Public servants who have eagerly been waiting to see their salary increments for the new financial year will have to hold on a little for government to process them.
The public servants receive their salaries by the 28 day of every month, but have not been paid this time around.
The ministry of public service spokesperson, Jonas Tumwine said the salaries have delayed because the ministry is still computing the new salary figures to match the increments.
The Government this financial year increased the salaries of all the public servants and soldiers, giving the ministry a task of updating the payrolls.
“We delayed to clear the salaries because we had to ensure that all the increments were captured. But the salaries will be there by Wednesday August 8.
The assistant commissioner in charge of the payroll, Savia Mugwanya also confirmed that the salaries would be deposited by next week.
“The delay in paying June and July salaries is pegged to specific activities.

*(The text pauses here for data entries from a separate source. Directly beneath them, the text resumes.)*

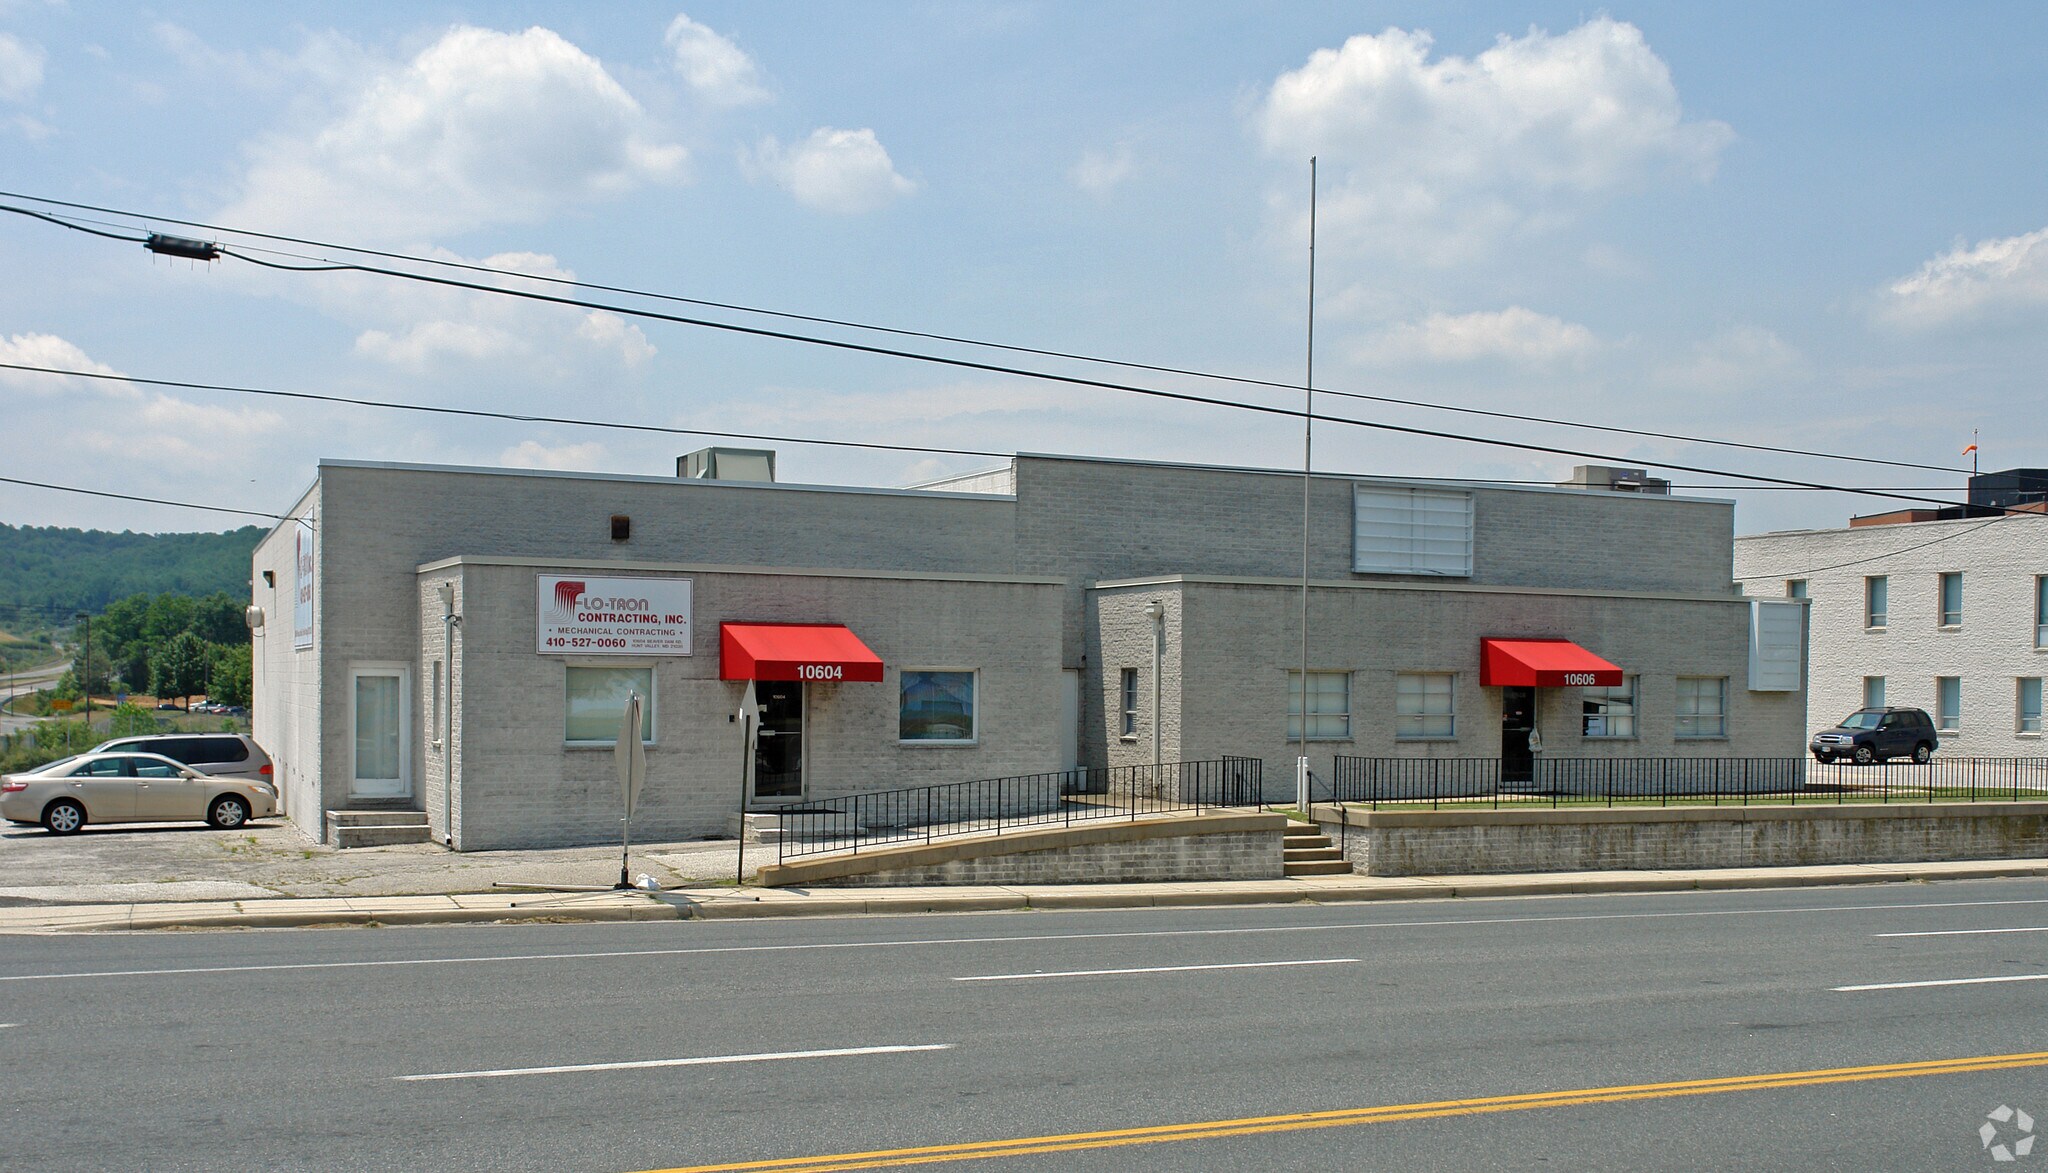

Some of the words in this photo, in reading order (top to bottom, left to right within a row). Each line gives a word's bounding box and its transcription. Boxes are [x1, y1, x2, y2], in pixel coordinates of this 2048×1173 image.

[578, 613, 661, 625] CONTRACTING,
[665, 614, 687, 625] INC.
[557, 627, 613, 635] MECHANICAL
[616, 628, 676, 636] CONTRACTING
[546, 637, 626, 648] 410-527-0060
[797, 665, 842, 679] 10604
[1564, 673, 1595, 685] 10606

But the four months before June, we paid salaries by the 28 of the month,” Mugwanya said.
Last month, the salaries of public servants also delayed because the ministry was reportedly updating the government payroll in a bid to weed it out ghosts.
After weeding the payroll, the public service ministry saved some funds, part of which was used to effect the salary increments this financial year.

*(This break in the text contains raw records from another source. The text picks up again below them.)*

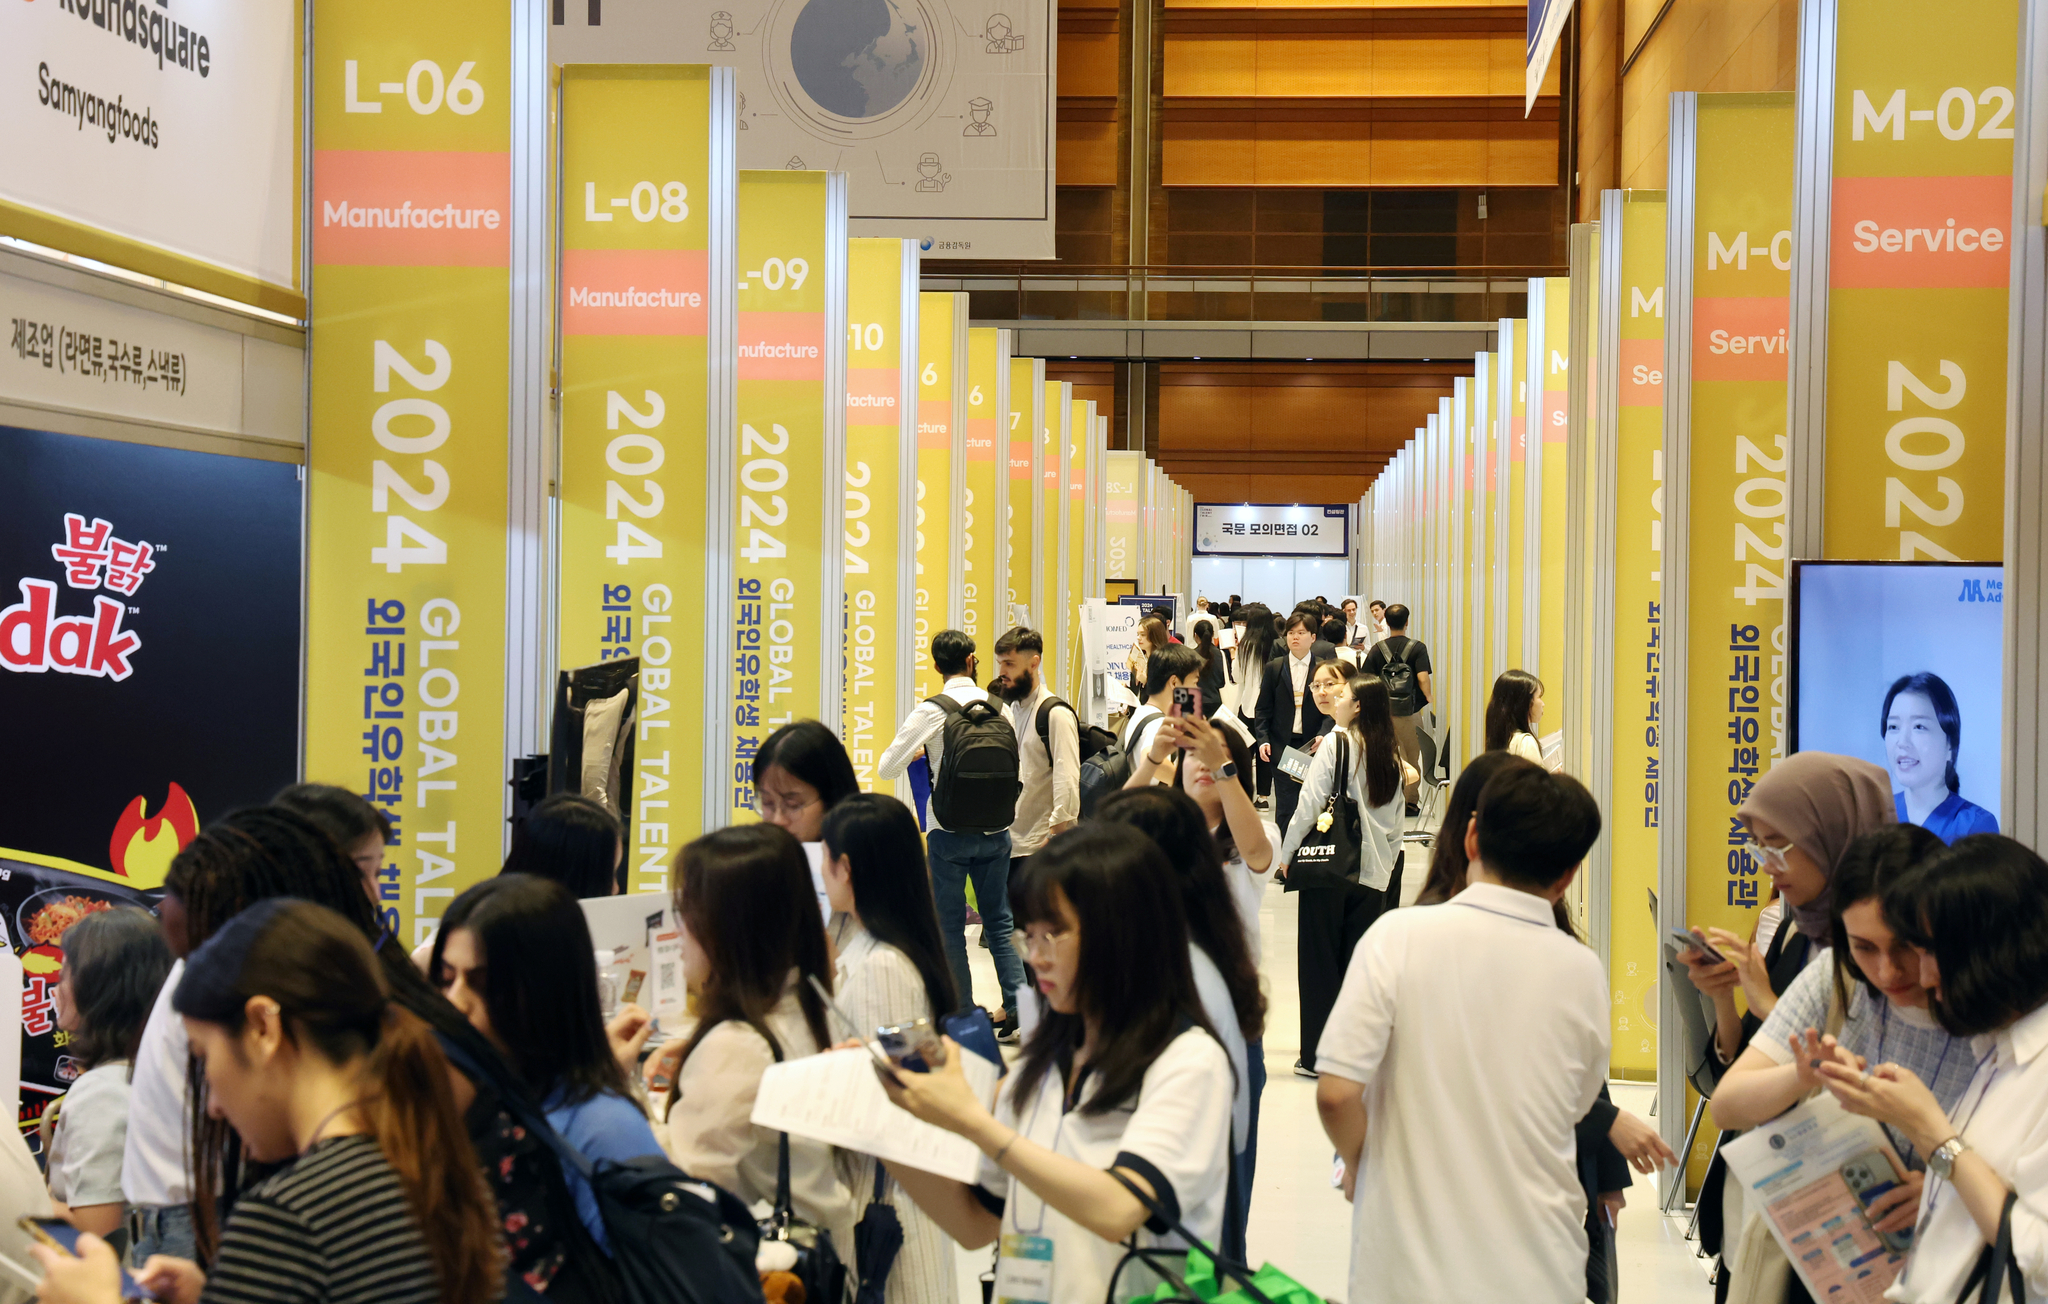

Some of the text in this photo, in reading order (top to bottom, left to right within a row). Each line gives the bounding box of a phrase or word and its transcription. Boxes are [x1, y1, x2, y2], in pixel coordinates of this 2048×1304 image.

[38, 61, 158, 149] Samyangfoods
[344, 59, 485, 116] L-06
[1852, 86, 2015, 141] M-02
[323, 200, 500, 230] Manufacture
[585, 181, 689, 223] L-08
[1707, 230, 1793, 271] M-0
[1853, 217, 2004, 253] Service
[569, 286, 701, 308] Manufacture
[738, 257, 809, 291] -09
[11, 318, 53, 368] 제조업
[738, 341, 818, 359] nufacture
[1709, 328, 1789, 355] Servi
[846, 393, 895, 408] facture
[371, 339, 452, 573] 2024
[605, 389, 665, 565] 2024
[740, 423, 789, 563] 2024
[1733, 434, 1787, 606] 2024
[52, 513, 155, 596] 불닭
[1222, 523, 1319, 536] 국문 모의면접 02
[0, 577, 142, 682] dak
[963, 583, 978, 636] GLOB
[735, 578, 761, 726] 외국인유학생
[768, 578, 795, 703] GLOBAL
[854, 589, 876, 695] GLOBAL
[639, 583, 672, 893] GLOBAL TALENT
[414, 598, 461, 945] GLOBAL TALE

In the new salary changes, primary school teachers got a 15% increment while science teachers in secondary schools and tertiary institutions got a 30% rise.
Health workers were allocated a 10% increment and other public officers were given varying percentages, which were in line with their salary scales.

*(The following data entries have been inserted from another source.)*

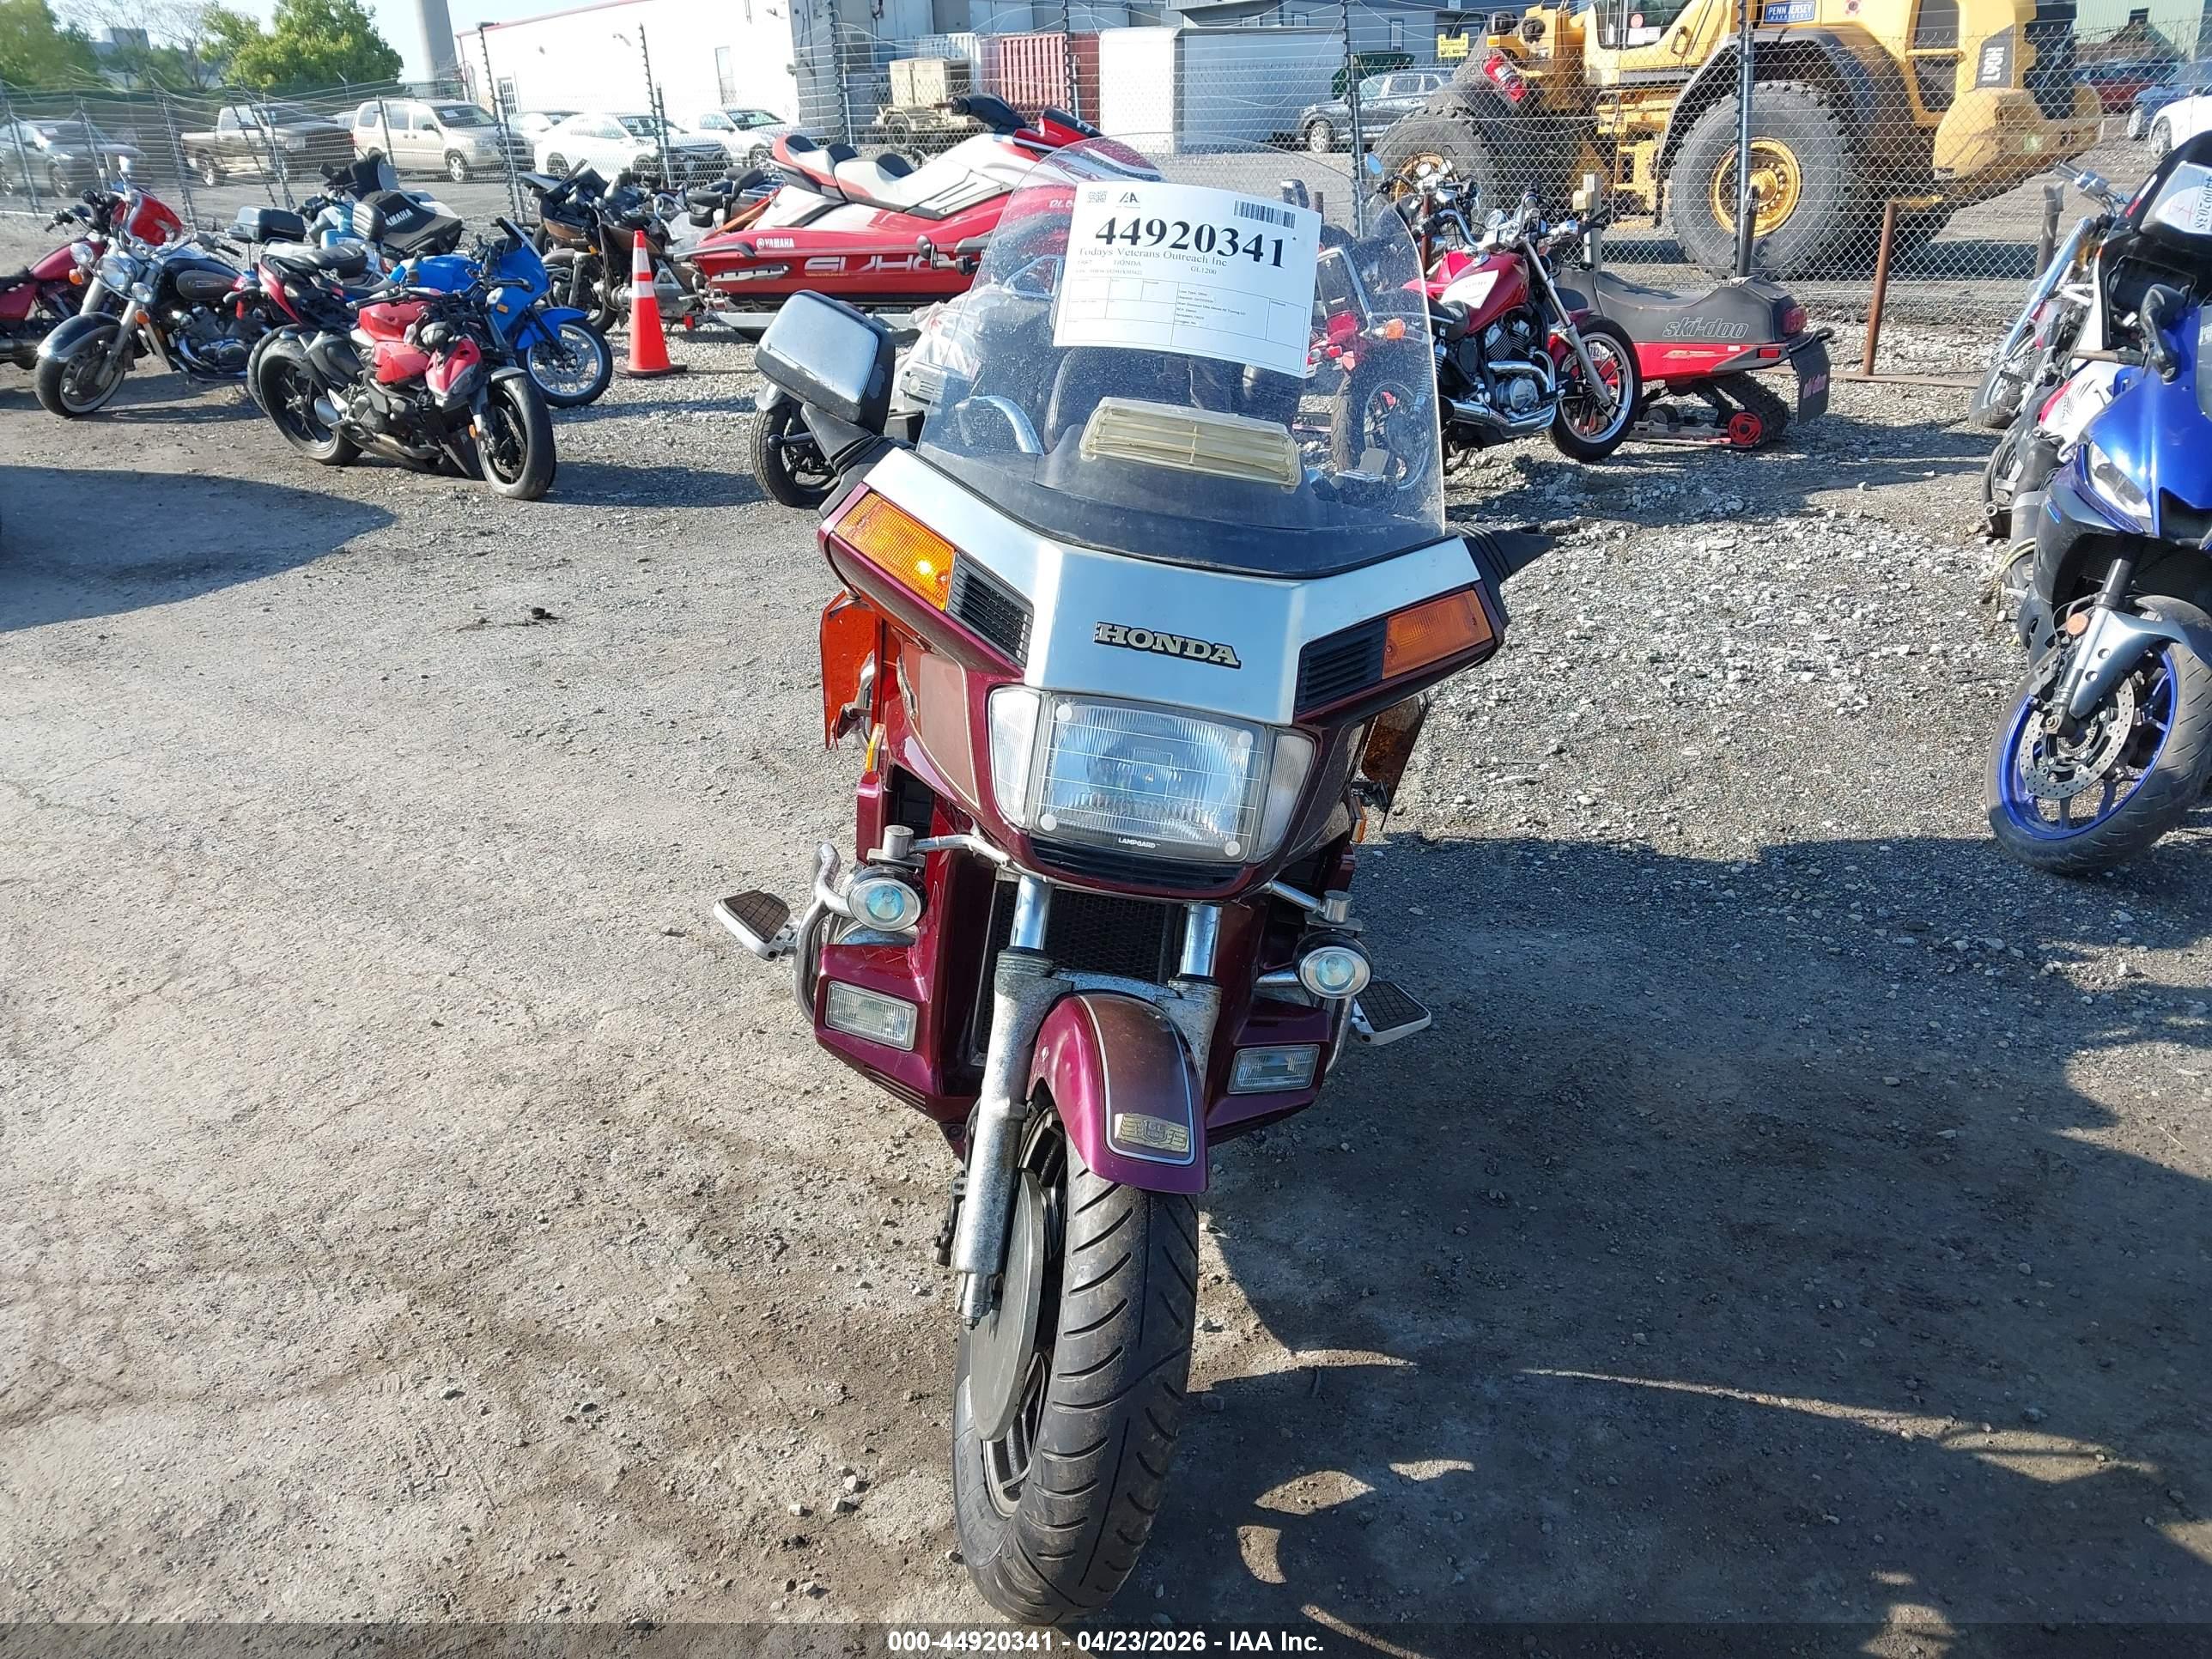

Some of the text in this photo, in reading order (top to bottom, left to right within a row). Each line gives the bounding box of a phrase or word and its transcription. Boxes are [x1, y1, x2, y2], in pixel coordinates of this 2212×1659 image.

[1769, 3, 1813, 15] PENN JERSEY
[385, 208, 413, 227] AMAHA
[765, 238, 795, 248] YAMAHA
[1095, 217, 1285, 270] 44920341
[1079, 247, 1227, 267] Todays Veterans Outreach Inc
[1190, 266, 1217, 275] GL1200
[1662, 317, 1749, 338] ski-doo
[1094, 622, 1242, 670] HONDA

The delays in salary payment has left civil servants in debt mostly from getting house hold requirements from nearby shops.
But the chief administrative officer for Mukono, Luke Lokuda, told Sunday Vision that accounting officers in districts communicated to their staff about the salary delays and were willing to wait until next week.
Lokuda noted that the morale and productivity of public servants will shoot down if the salaries are not deposited in their accounts by next week.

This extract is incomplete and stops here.